[Images for object localization]
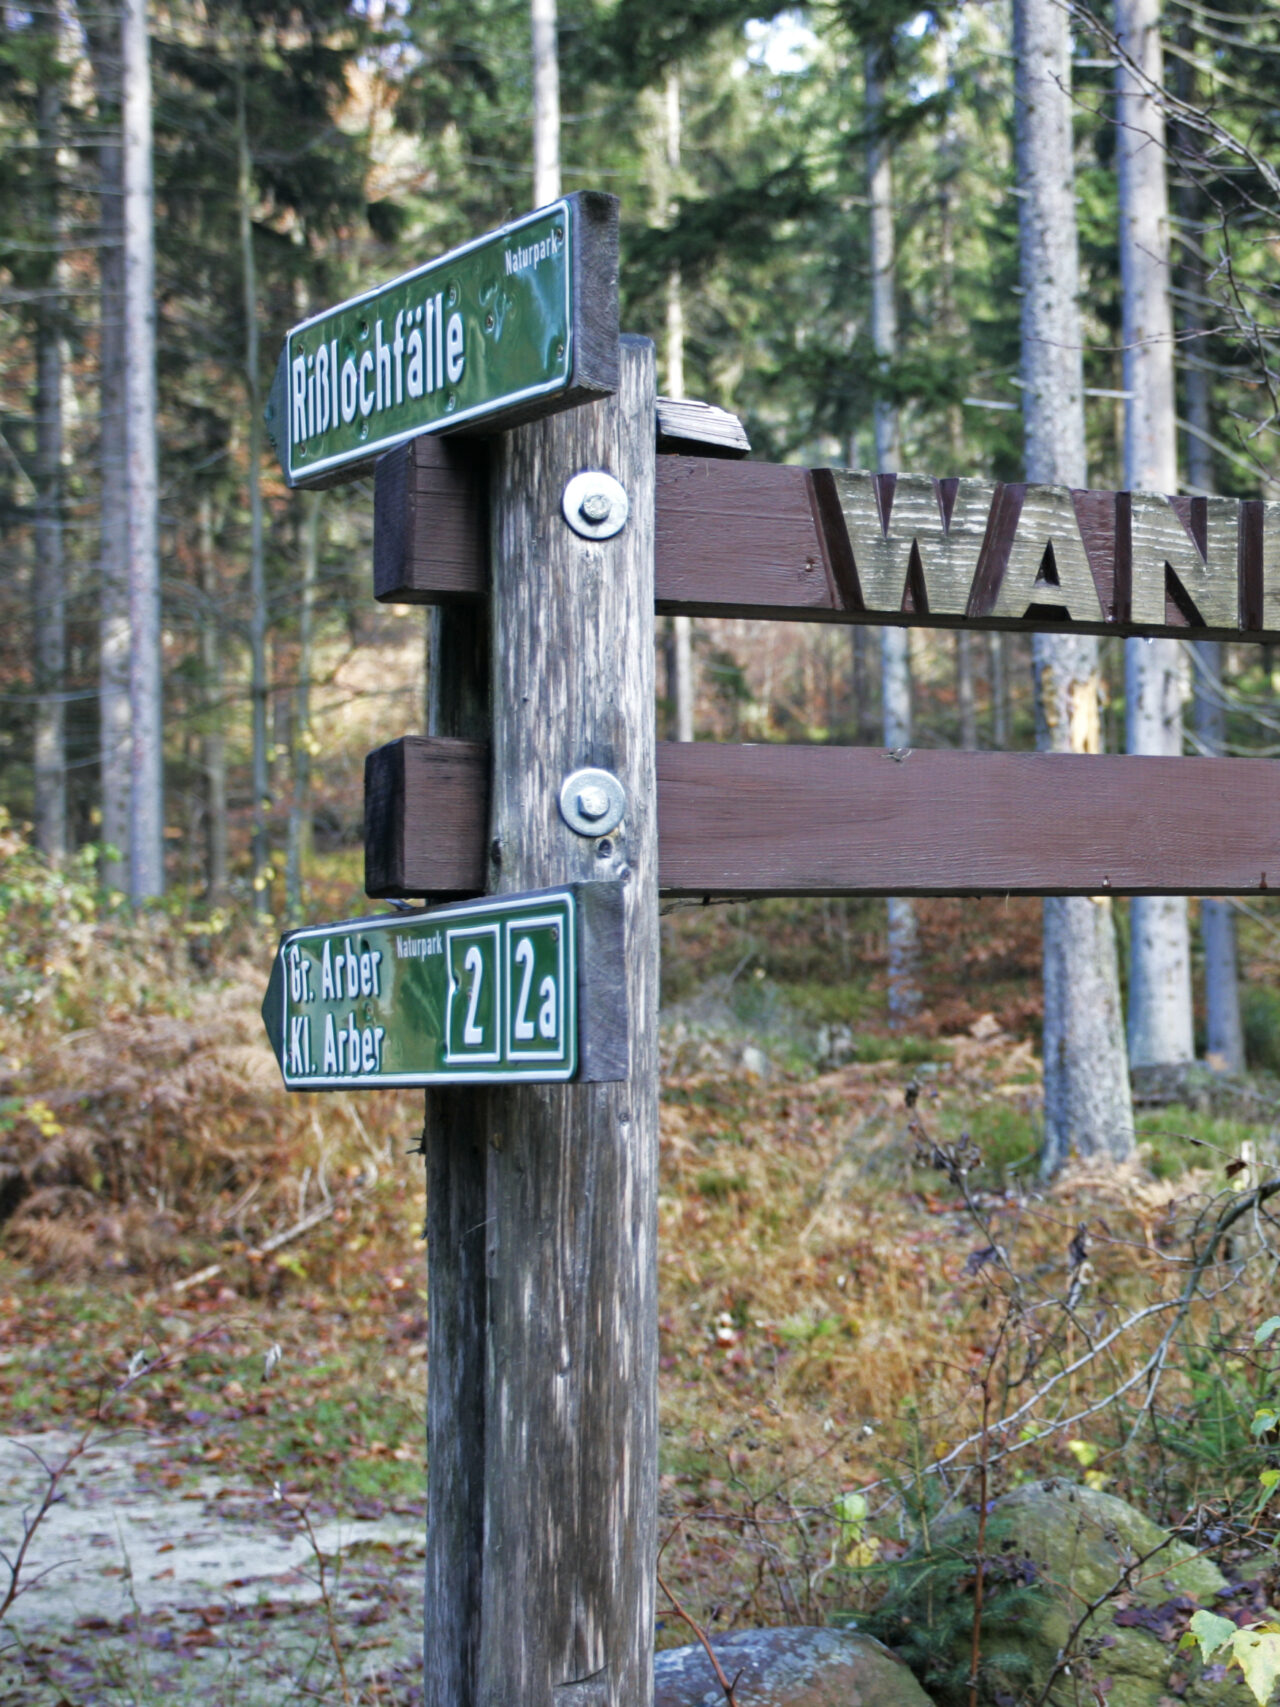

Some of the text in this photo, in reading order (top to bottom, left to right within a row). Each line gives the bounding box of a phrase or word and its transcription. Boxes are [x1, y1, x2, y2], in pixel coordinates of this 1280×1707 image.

[505, 229, 558, 276] Naturpark
[292, 292, 464, 444] Rißlochfälle
[290, 938, 382, 1003] Gr. Arber
[396, 930, 443, 962] Naturpark
[463, 937, 557, 1045] 2 2a
[290, 1012, 386, 1075] Kl. Arber
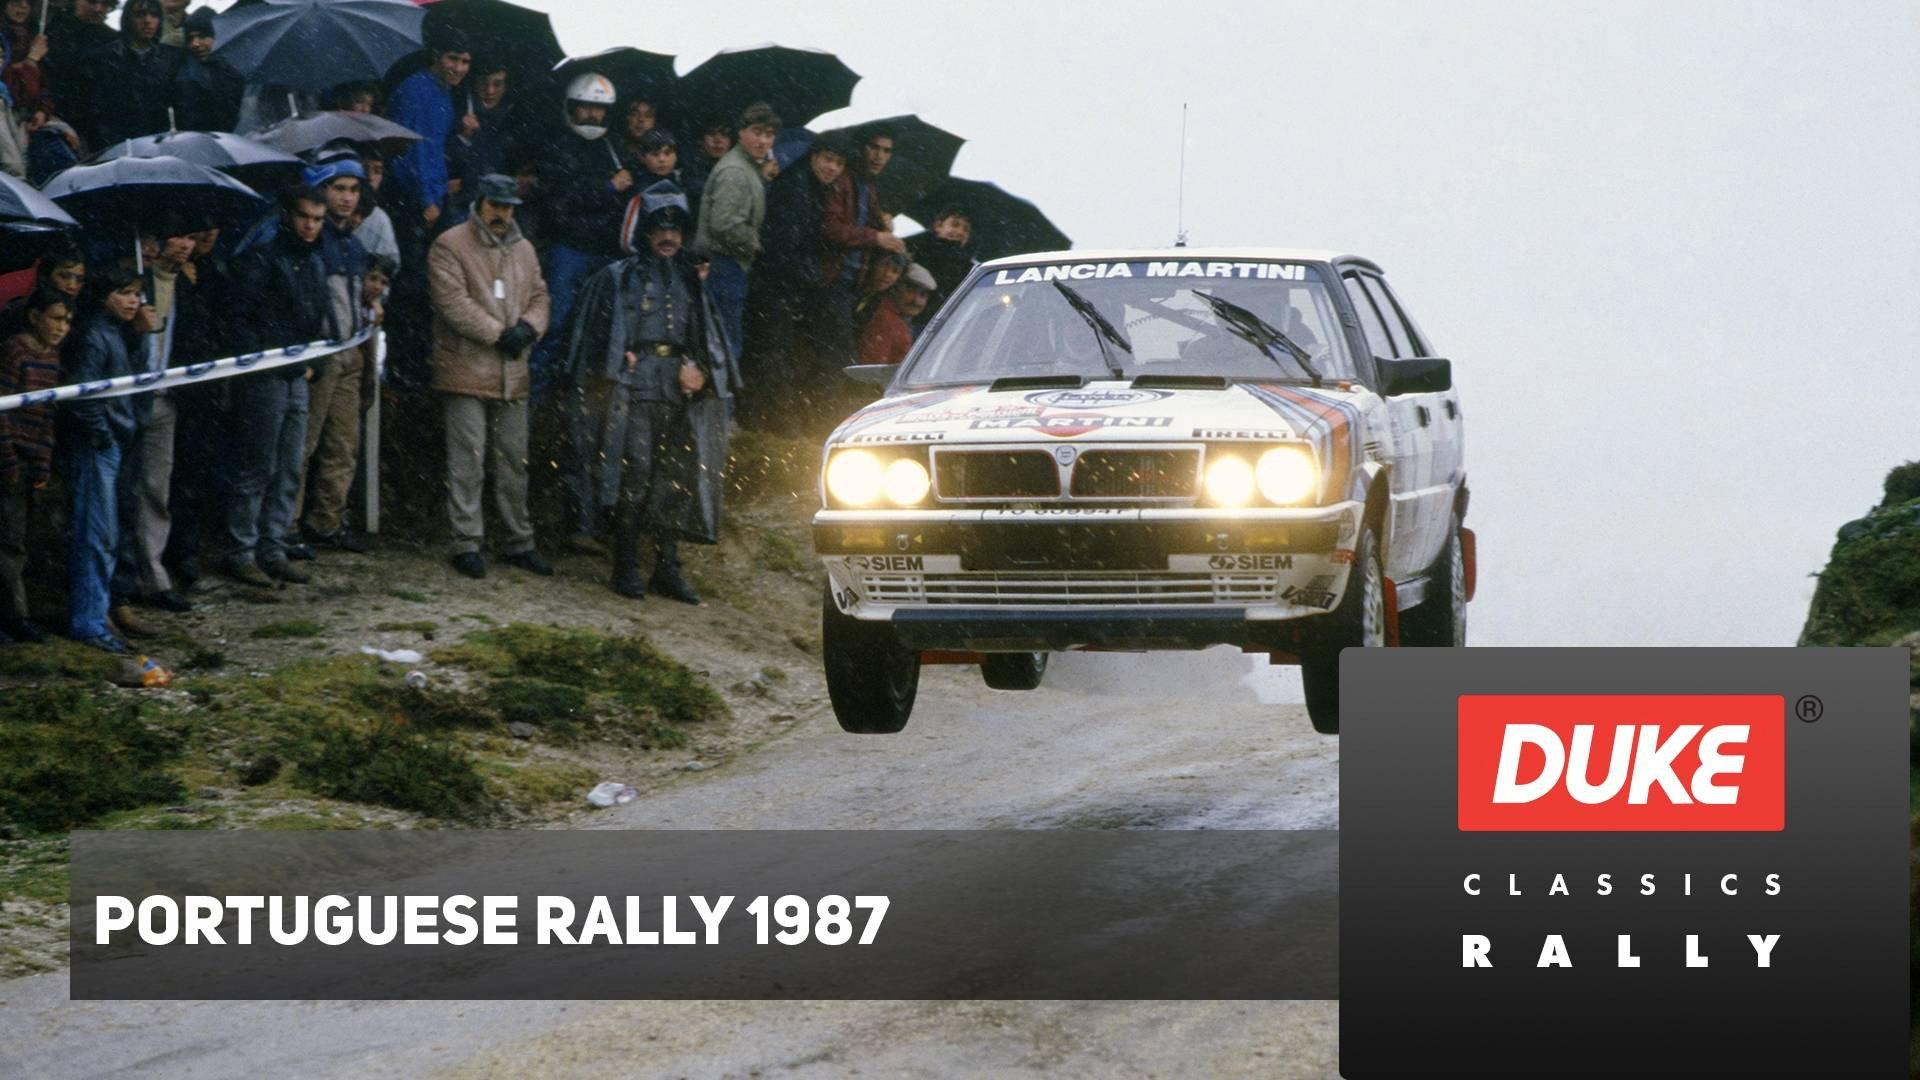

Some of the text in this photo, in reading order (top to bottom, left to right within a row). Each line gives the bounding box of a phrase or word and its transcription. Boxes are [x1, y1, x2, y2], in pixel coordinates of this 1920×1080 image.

[994, 262, 1306, 285] LANCIA MARTINI
[975, 416, 1168, 428] MARTINI
[872, 556, 924, 571] SIEM
[1237, 555, 1293, 570] SIEM
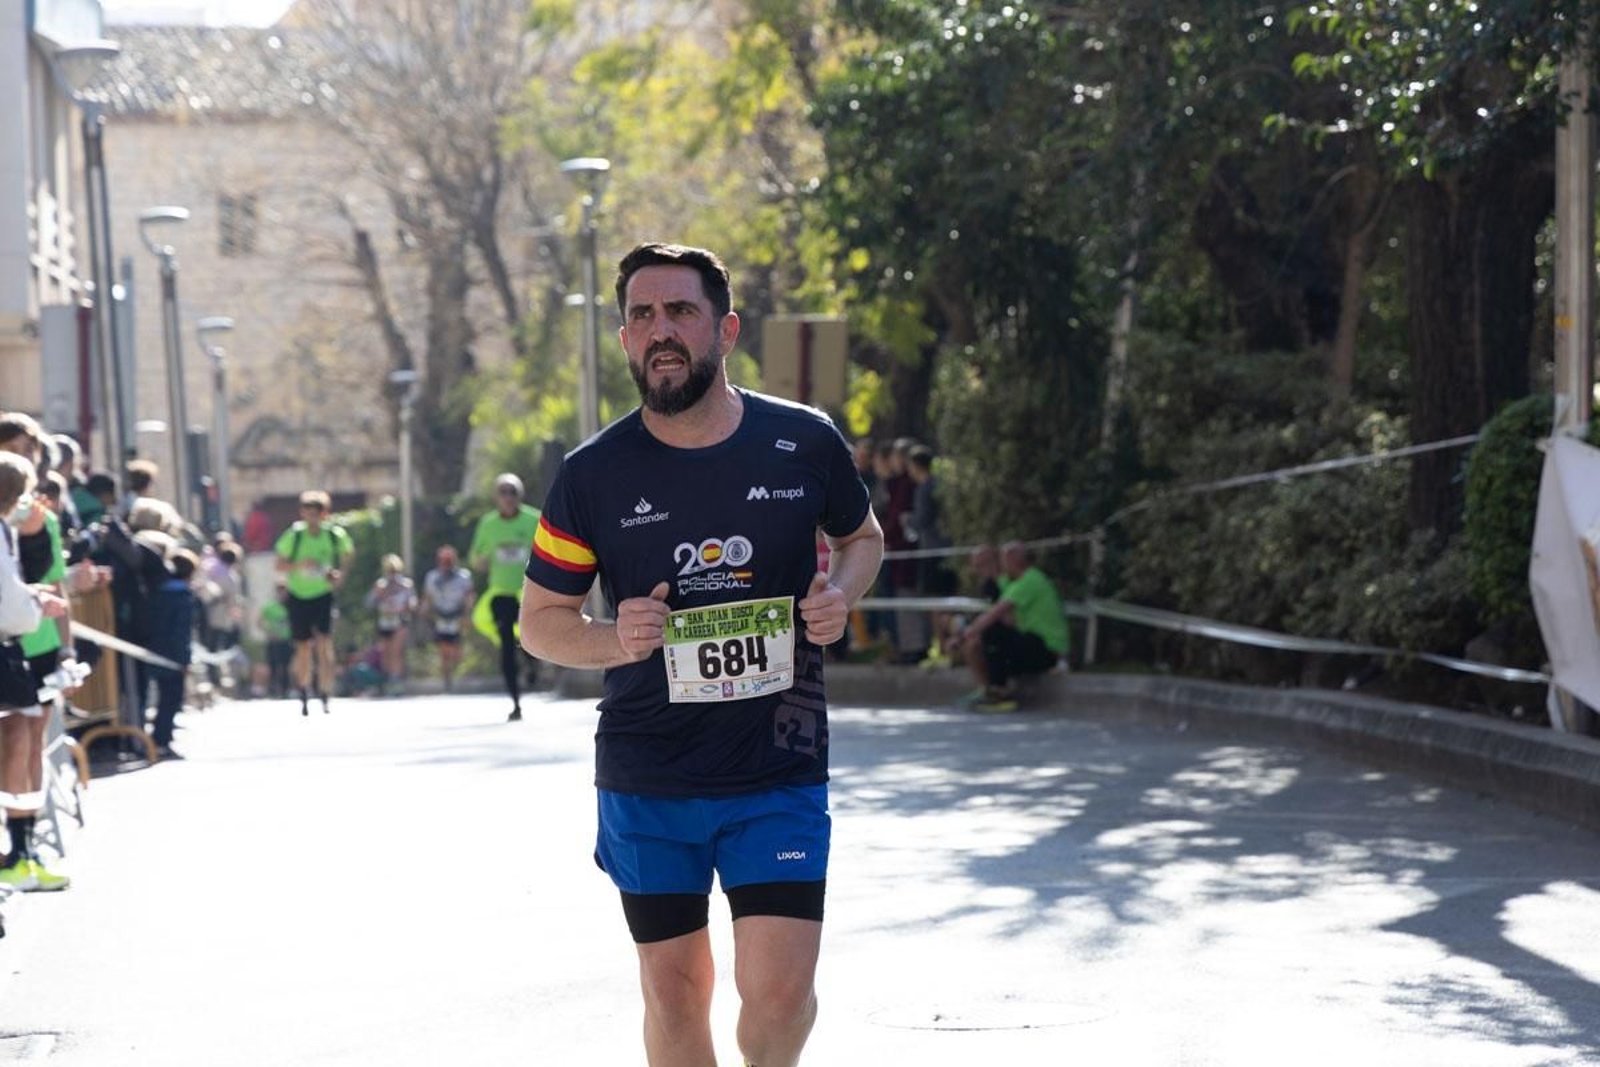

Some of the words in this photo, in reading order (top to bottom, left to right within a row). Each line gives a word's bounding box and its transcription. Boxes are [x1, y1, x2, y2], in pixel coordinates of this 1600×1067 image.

TASK TO CARRY OUT =>
Each line above has to be returned exactly. Drop the pictures.

RESULT BELOW =>
Some of the text in this photo, in reading order (top to bottom, left to right within a row). Each line gives the bounding box of a phrase or word and its transcription. Boxes are [x1, y1, x2, y2], in pixel coordinates of this 1280×1707 image.

[505, 229, 558, 276] Naturpark
[292, 292, 464, 444] Rißlochfälle
[290, 938, 382, 1003] Gr. Arber
[396, 930, 443, 962] Naturpark
[463, 937, 557, 1045] 2 2a
[290, 1012, 386, 1075] Kl. Arber

Some of the text in this photo, in reading order (top to bottom, left to right within a row). Each line gives the bounding box of a phrase or word and its transcription. Boxes are [x1, y1, x2, y2], in pixel coordinates of this 1920×1080 image.

[994, 262, 1306, 285] LANCIA MARTINI
[975, 416, 1168, 428] MARTINI
[872, 556, 924, 571] SIEM
[1237, 555, 1293, 570] SIEM

Some of the words in this photo, in reading order (top to bottom, left to right within a row). Each line gives a word's bounding box and its transcription. Boxes are [x1, y1, x2, y2], in pixel coordinates of this 1600×1067 image.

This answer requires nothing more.